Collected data

········

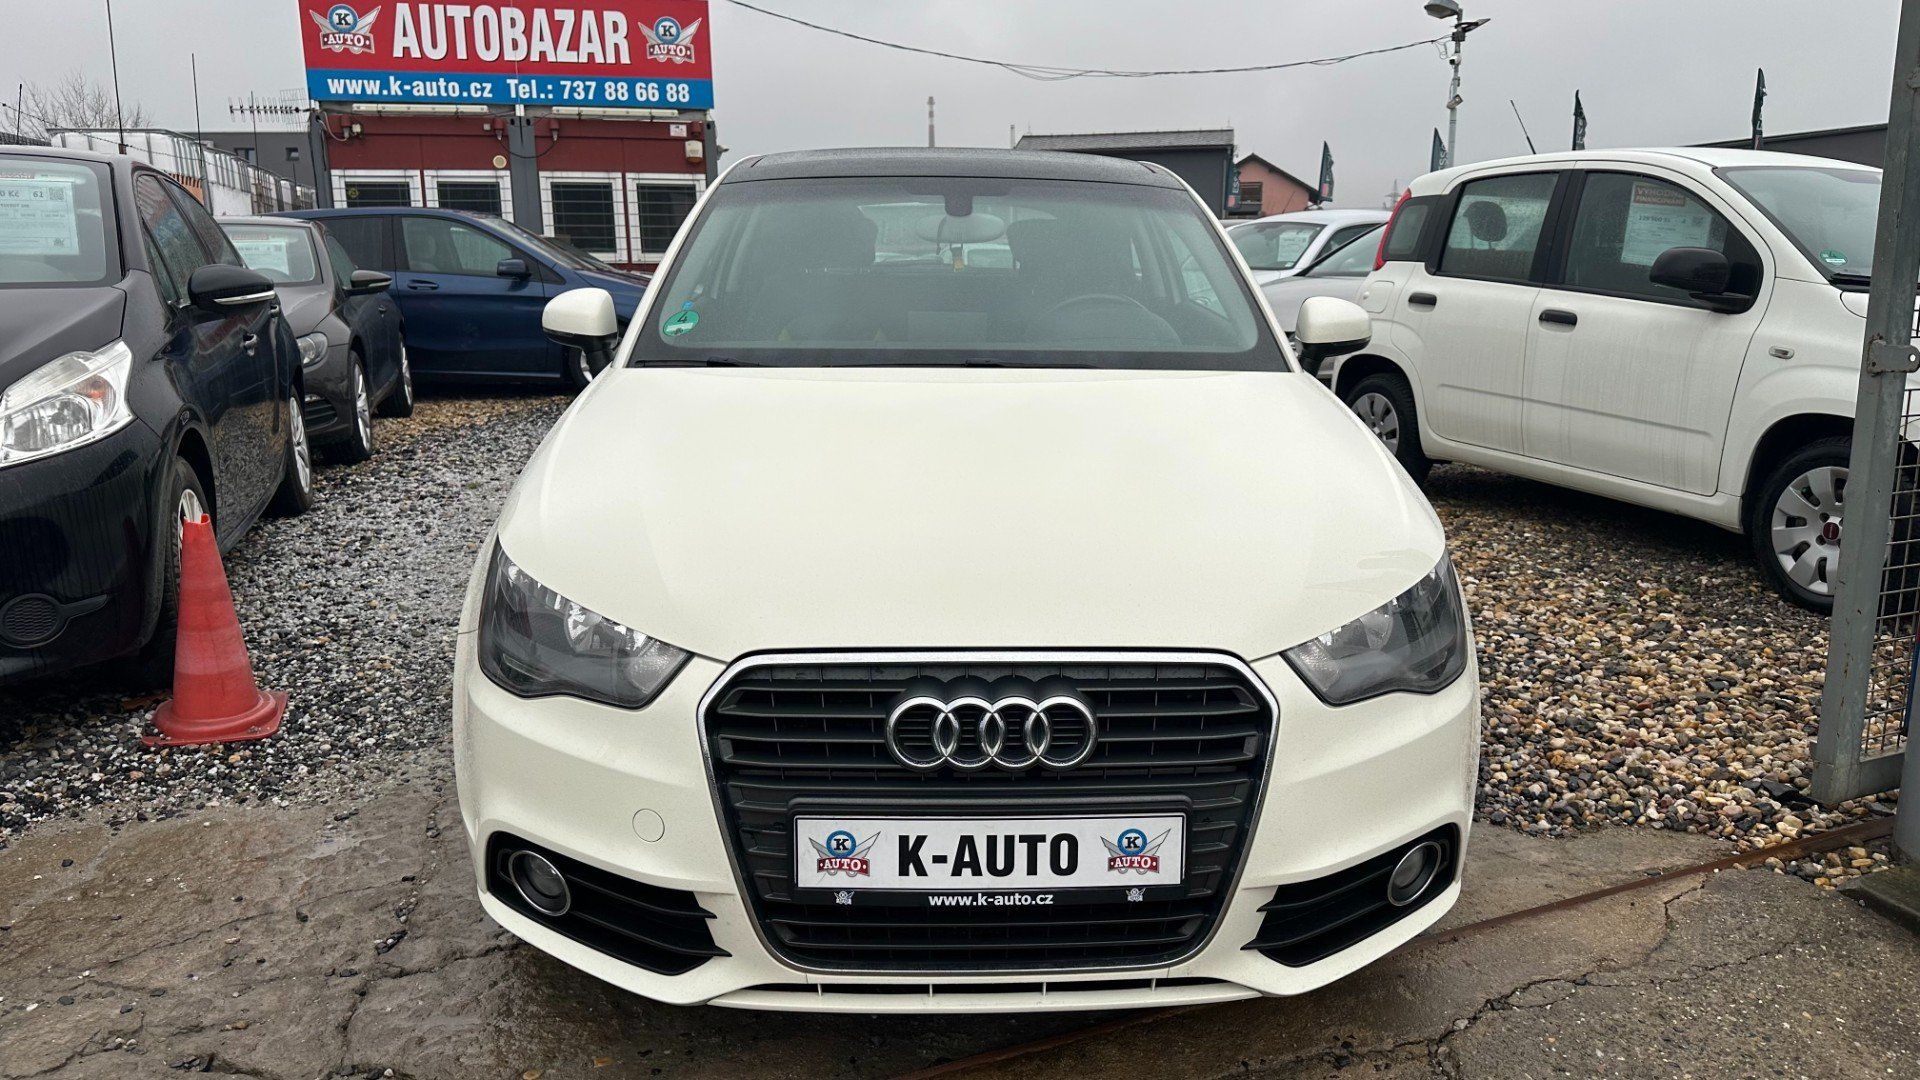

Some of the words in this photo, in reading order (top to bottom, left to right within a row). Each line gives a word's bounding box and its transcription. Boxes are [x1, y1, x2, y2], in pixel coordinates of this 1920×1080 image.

[335, 13, 350, 25] K
[393, 2, 632, 65] AUTOBAZAR
[660, 25, 674, 37] K
[328, 33, 365, 47] AUTO
[652, 44, 686, 57] AUTO
[327, 75, 493, 98] www.k-auto.cz
[506, 78, 553, 99] Tel.:
[560, 80, 596, 100] 737
[604, 81, 629, 101] 88
[635, 82, 659, 101] 66
[666, 83, 690, 102] 88
[33, 190, 44, 198] 61
[833, 838, 849, 851] K
[1124, 836, 1140, 849] K
[898, 833, 1079, 877] K-AUTO
[823, 858, 862, 871] AUTO
[1114, 856, 1152, 868] AUTO
[928, 892, 1054, 906] www.k-auto.cz
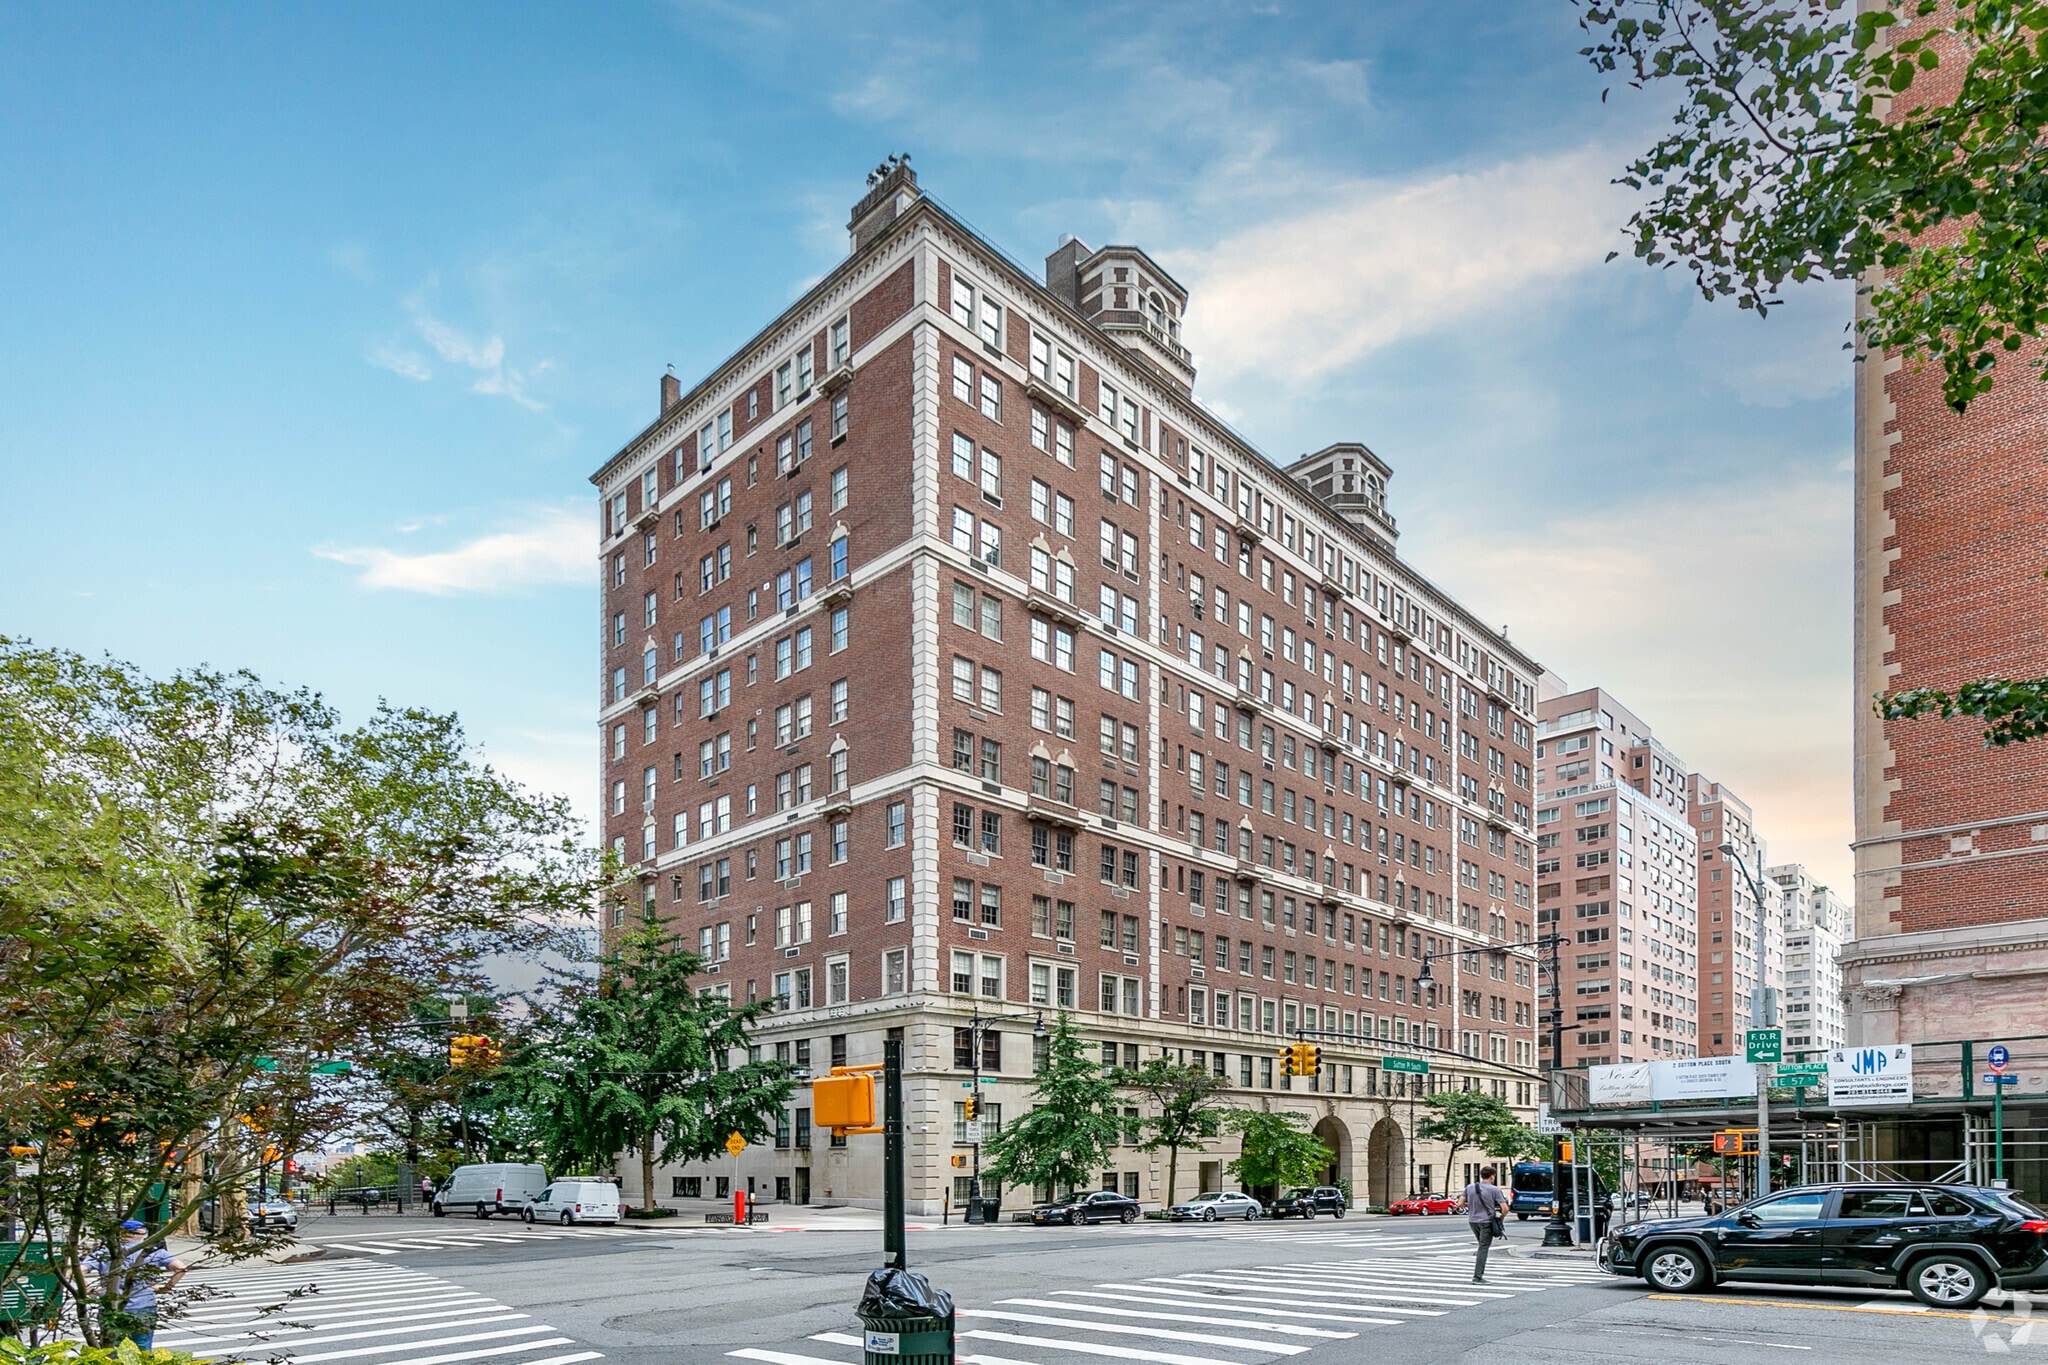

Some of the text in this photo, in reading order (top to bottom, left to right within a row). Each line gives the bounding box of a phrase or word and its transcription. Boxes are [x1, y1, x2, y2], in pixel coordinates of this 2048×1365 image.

[1851, 1049, 1887, 1075] JMA
[1629, 1069, 1640, 1078] 2
[1780, 1078, 1785, 1086] E
[1791, 1077, 1804, 1086] 57
[1733, 1136, 1738, 1149] 3

········

▶ [WHAT THE TASK REQUIRES] Nothing but the records above, retyped exactly and stripped of images, should appear in the answer.

▶ [PROBLEM SOLUTION]
Some of the words in this photo, in reading order (top to bottom, left to right within a row). Each line gives a word's bounding box and its transcription. Boxes are [x1, y1, x2, y2], in pixel coordinates of this 1920×1080 image.

[335, 13, 350, 25] K
[393, 2, 632, 65] AUTOBAZAR
[660, 25, 674, 37] K
[328, 33, 365, 47] AUTO
[652, 44, 686, 57] AUTO
[327, 75, 493, 98] www.k-auto.cz
[506, 78, 553, 99] Tel.:
[560, 80, 596, 100] 737
[604, 81, 629, 101] 88
[635, 82, 659, 101] 66
[666, 83, 690, 102] 88
[33, 190, 44, 198] 61
[833, 838, 849, 851] K
[1124, 836, 1140, 849] K
[898, 833, 1079, 877] K-AUTO
[823, 858, 862, 871] AUTO
[1114, 856, 1152, 868] AUTO
[928, 892, 1054, 906] www.k-auto.cz

Some of the text in this photo, in reading order (top to bottom, left to right within a row). Each line gives the bounding box of a phrase or word and its transcription. Boxes are [x1, y1, x2, y2], in pixel coordinates of this 2048×1365 image.

[1851, 1049, 1887, 1075] JMA
[1629, 1069, 1640, 1078] 2
[1780, 1078, 1785, 1086] E
[1791, 1077, 1804, 1086] 57
[1733, 1136, 1738, 1149] 3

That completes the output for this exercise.